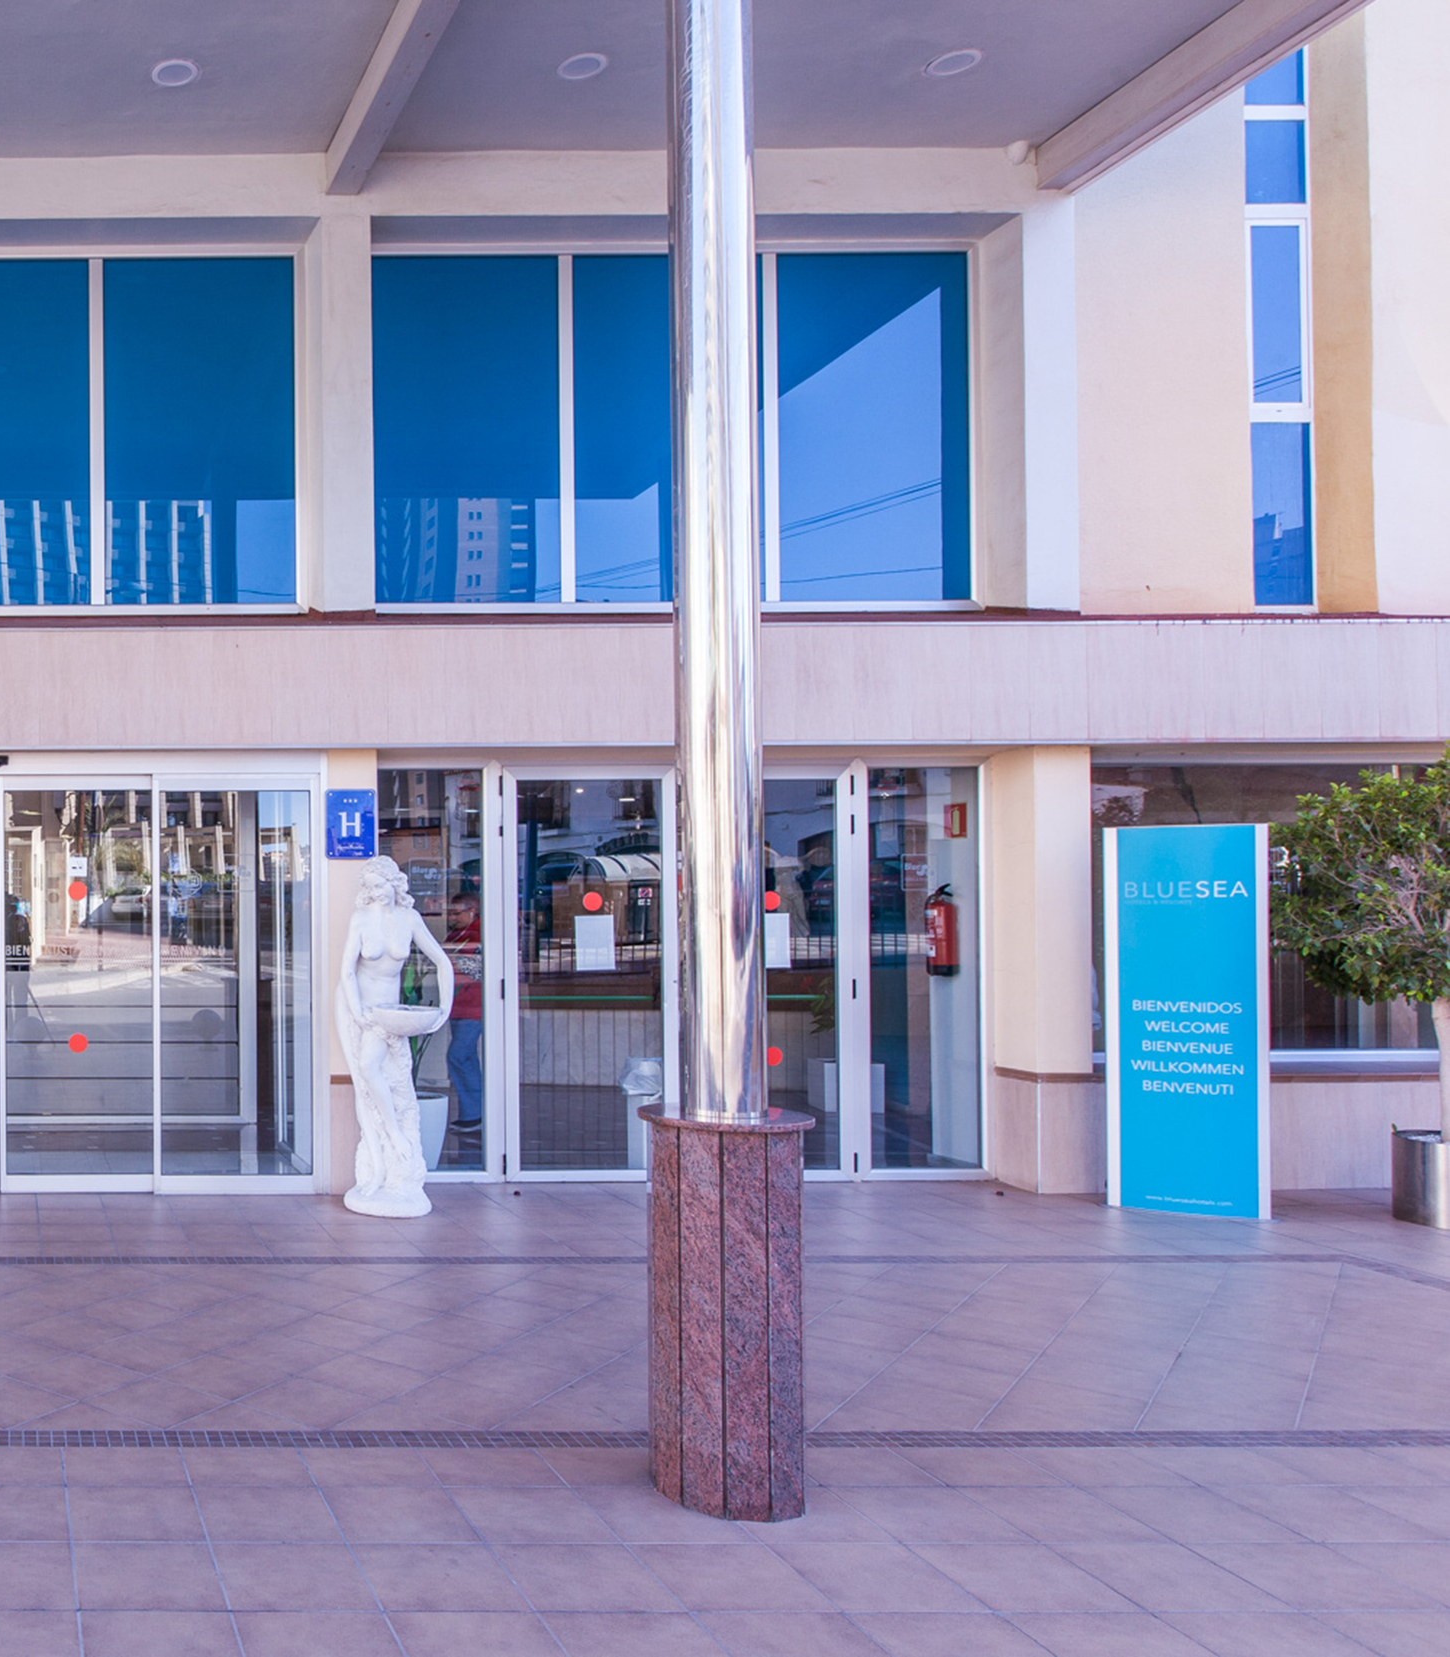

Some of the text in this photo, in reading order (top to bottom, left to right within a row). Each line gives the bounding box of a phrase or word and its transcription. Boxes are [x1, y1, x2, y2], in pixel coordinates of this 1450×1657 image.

[338, 811, 361, 838] H
[1132, 999, 1242, 1014] BIENVENIDOS
[1144, 1020, 1230, 1034] WELCOME
[1142, 1039, 1233, 1055] BIENVENUE
[1130, 1059, 1244, 1075] WILLKOMMEN
[1142, 1079, 1234, 1095] BENVENUTI
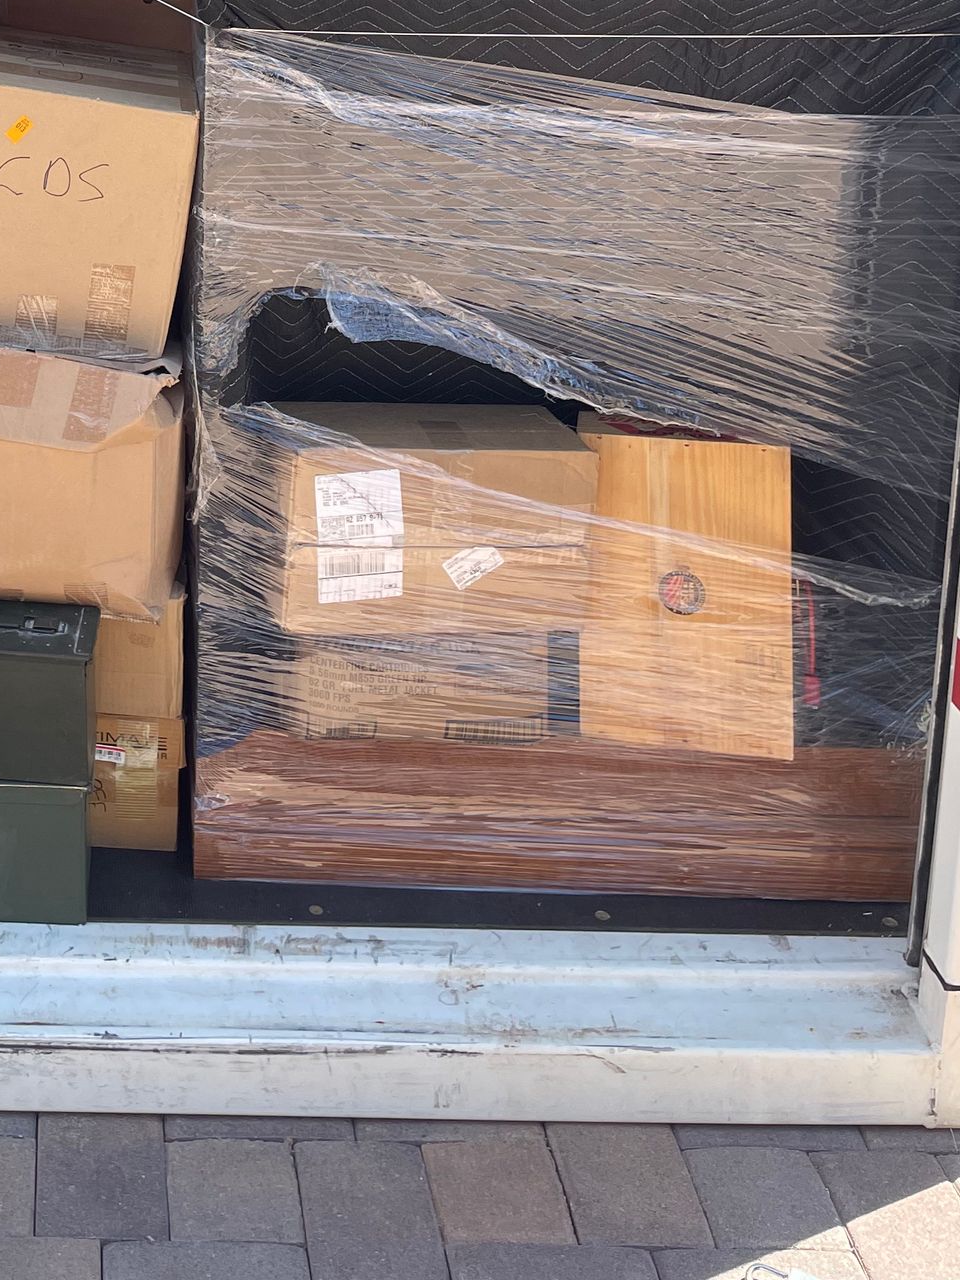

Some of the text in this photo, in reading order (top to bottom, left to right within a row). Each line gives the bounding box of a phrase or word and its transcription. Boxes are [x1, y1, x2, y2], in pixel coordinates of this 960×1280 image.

[350, 672, 375, 684] M855
[404, 685, 438, 696] JACKET
[333, 693, 351, 703] FPS
[326, 704, 359, 713] ROUNDS
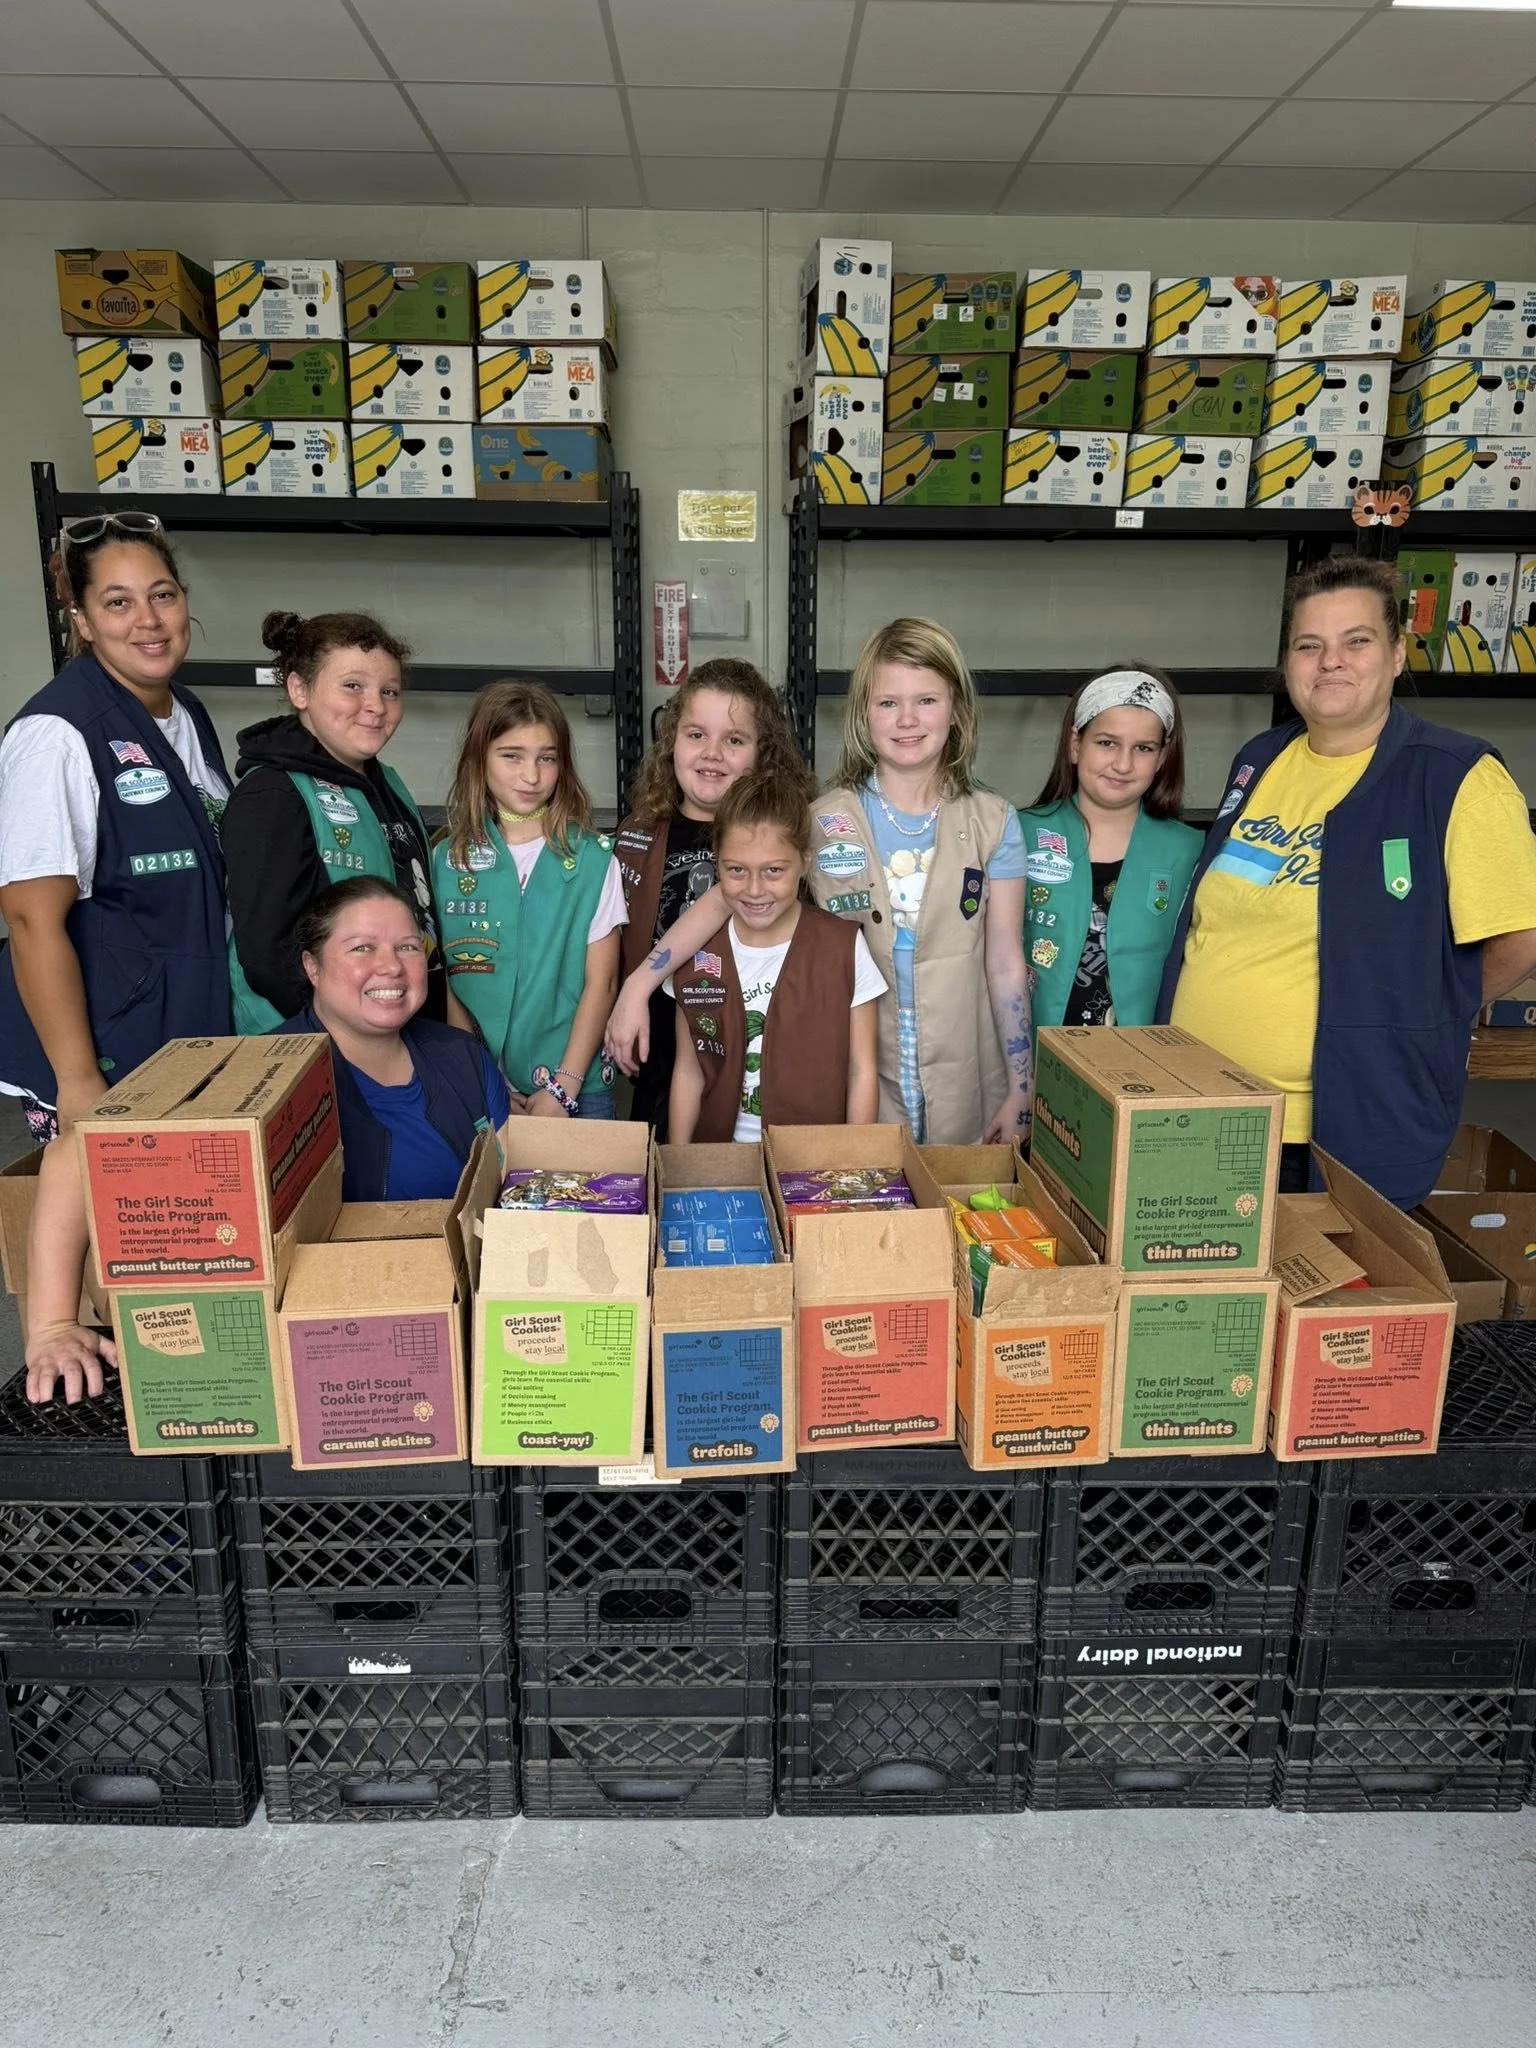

Exercise brief:
Repeat the preceding records precisely, and leave every picture out of the copy.

Answer below:
Some of the text in this photo, in reading order (top to bottom, left to right within a row). Each line gives the bounding box of a phrase or word and its transcription. Boxes are [x1, y1, x2, y2], in pixel coordinates of this 1450×1657 image.

[338, 811, 361, 838] H
[1132, 999, 1242, 1014] BIENVENIDOS
[1144, 1020, 1230, 1034] WELCOME
[1142, 1039, 1233, 1055] BIENVENUE
[1130, 1059, 1244, 1075] WILLKOMMEN
[1142, 1079, 1234, 1095] BENVENUTI

Some of the text in this photo, in reading order (top to bottom, left to right within a row). Each line gives the bounding box of a phrase or word and its transcription. Boxes are [x1, y1, x2, y2], in pixel coordinates of this 960×1280 image.

[350, 672, 375, 684] M855
[404, 685, 438, 696] JACKET
[333, 693, 351, 703] FPS
[326, 704, 359, 713] ROUNDS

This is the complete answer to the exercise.